§ YOUR OBJECTIVE:
Every record is to be duplicated exactly as it reads, without its images.

Free-text object descriptions:
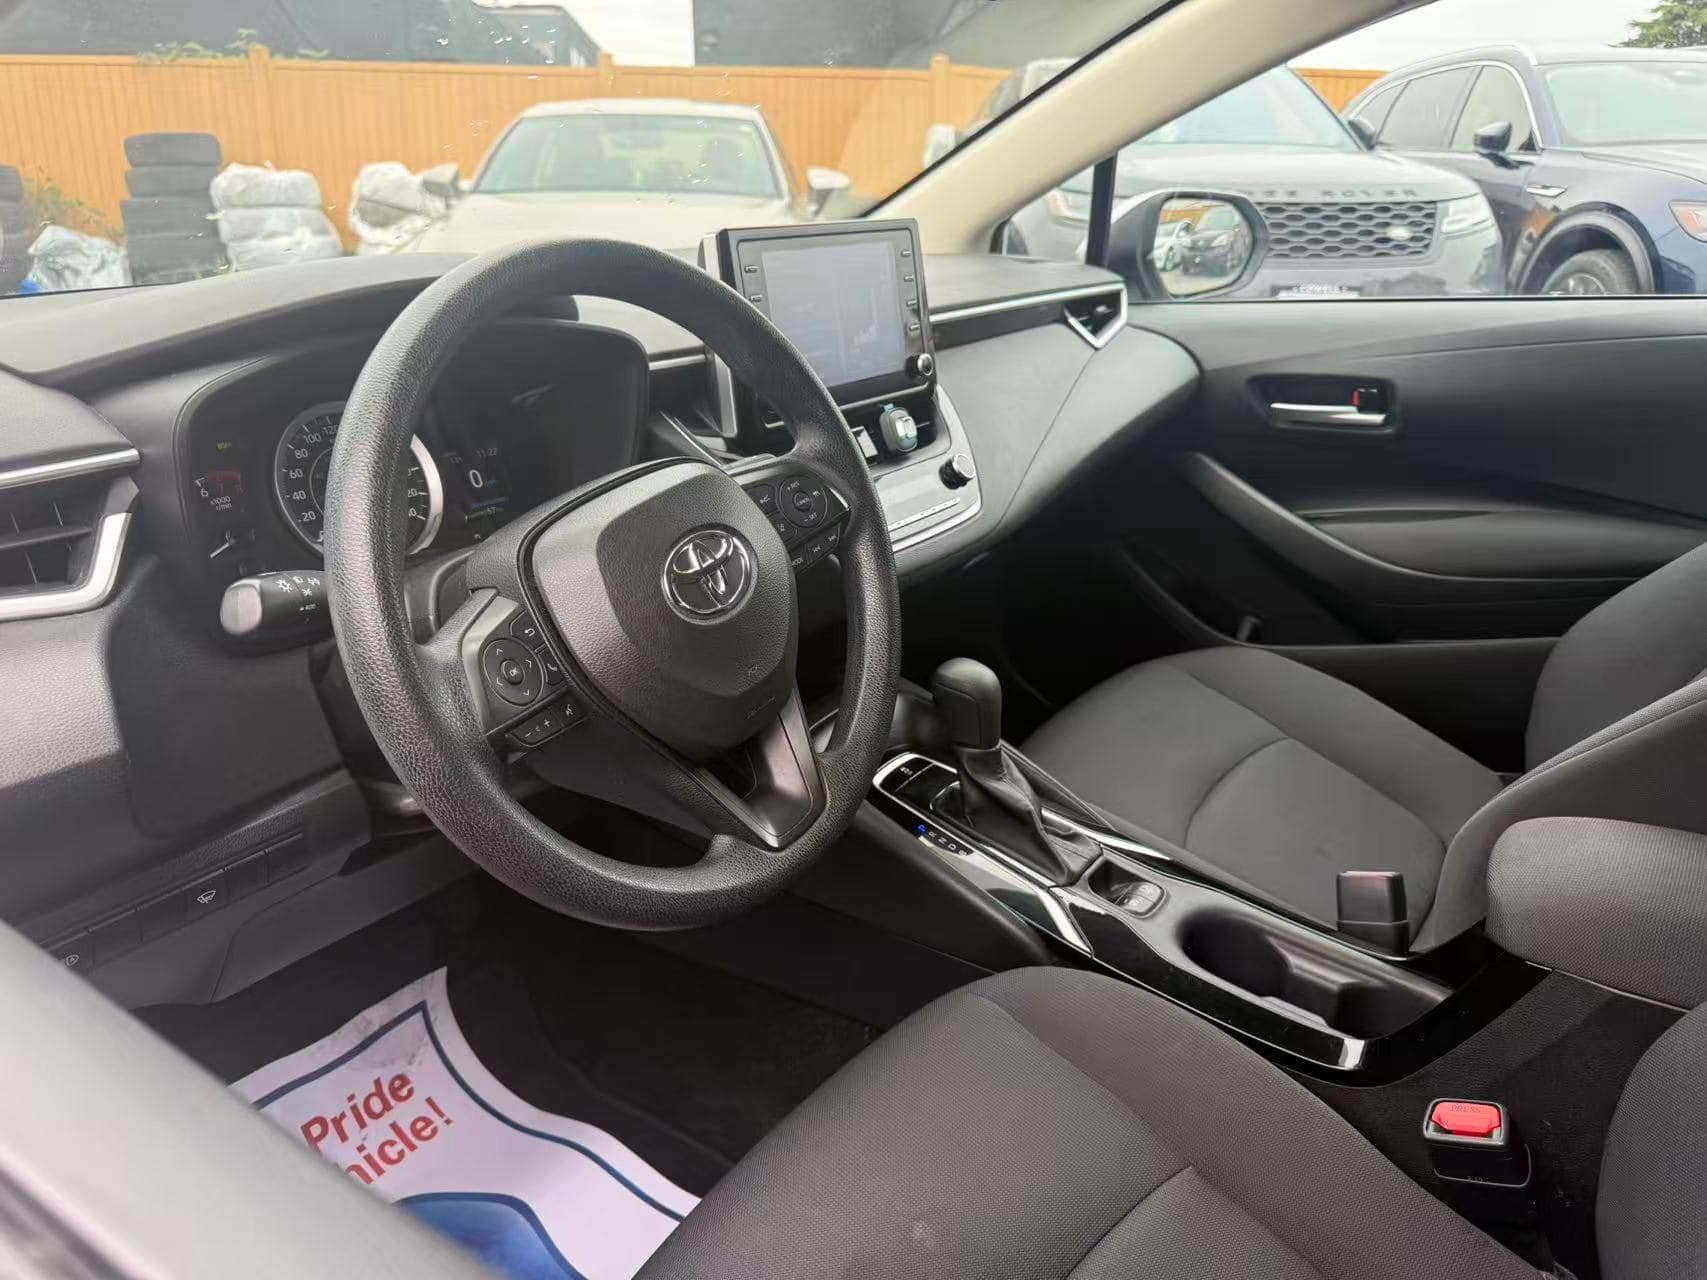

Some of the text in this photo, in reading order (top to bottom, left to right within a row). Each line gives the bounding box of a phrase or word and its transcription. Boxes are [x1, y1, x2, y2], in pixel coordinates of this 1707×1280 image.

[1320, 188, 1417, 197] ROVER
[303, 433, 321, 444] 100
[294, 448, 309, 459] 80
[289, 468, 304, 479] 60
[469, 469, 483, 488] 0
[200, 487, 209, 497] 6
[292, 490, 307, 500] 40
[301, 510, 316, 521] 20
[301, 1073, 415, 1153] Pride
[1450, 1104, 1481, 1114] PRESS
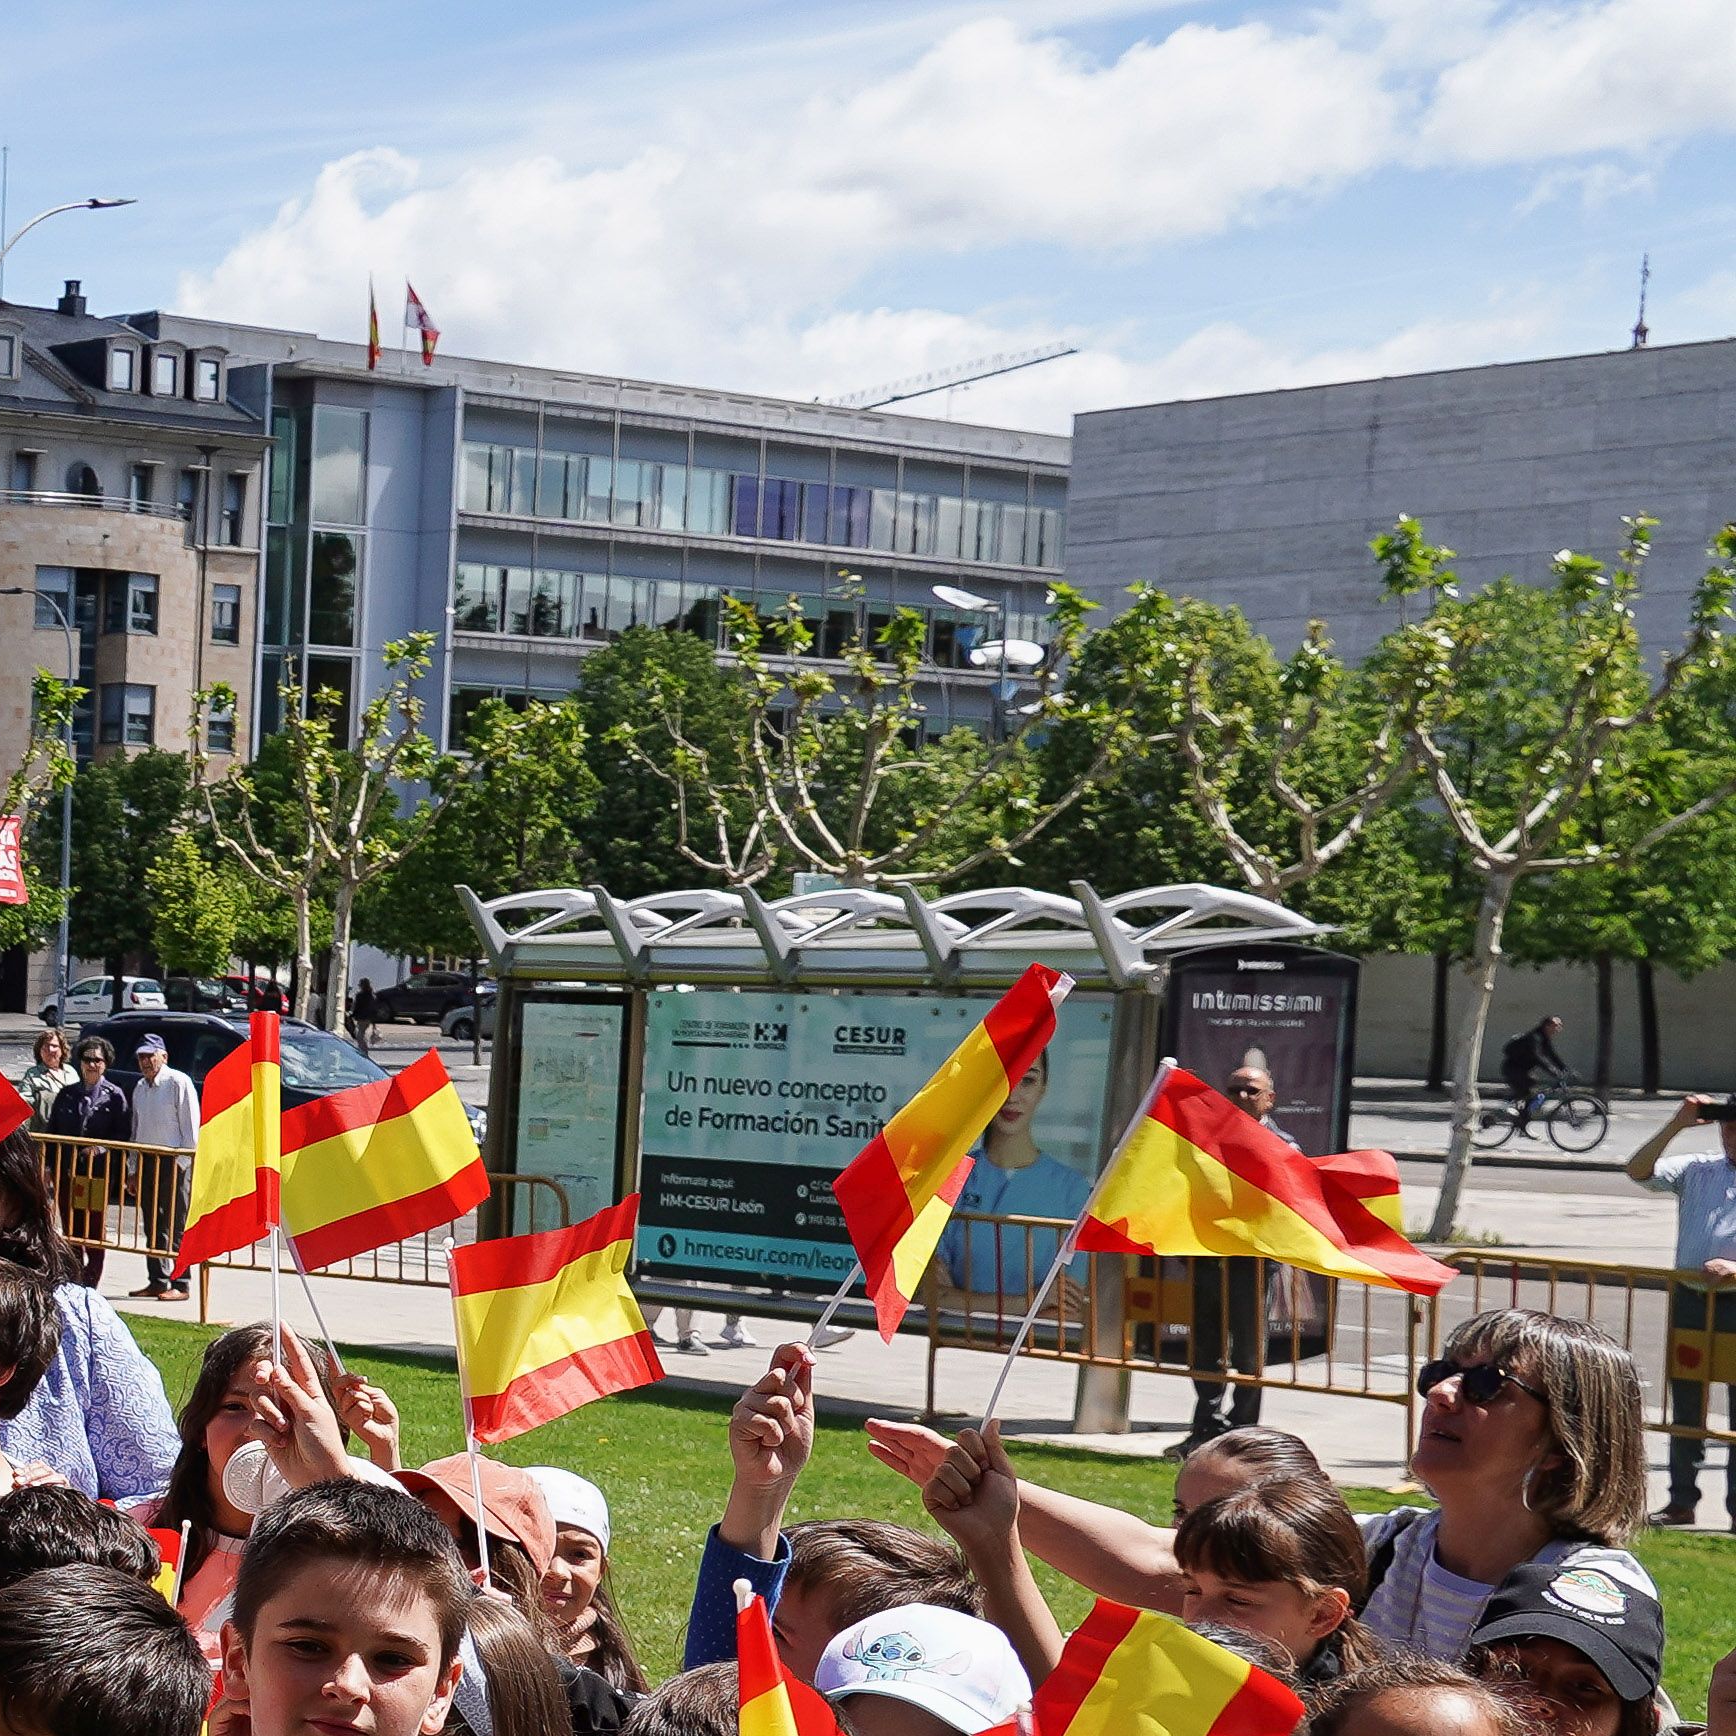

§ SOLUTION TO THIS TASK:
Some of the text in this photo, in reading order (top to bottom, left to right within a row). Each line gives the bounding box of a phrase or word and its transcription. Boxes are [x1, y1, x2, y2], in pixel coordinates of this 1707×1280 image.

[1320, 188, 1417, 197] ROVER
[303, 433, 321, 444] 100
[294, 448, 309, 459] 80
[289, 468, 304, 479] 60
[469, 469, 483, 488] 0
[200, 487, 209, 497] 6
[292, 490, 307, 500] 40
[301, 510, 316, 521] 20
[301, 1073, 415, 1153] Pride
[1450, 1104, 1481, 1114] PRESS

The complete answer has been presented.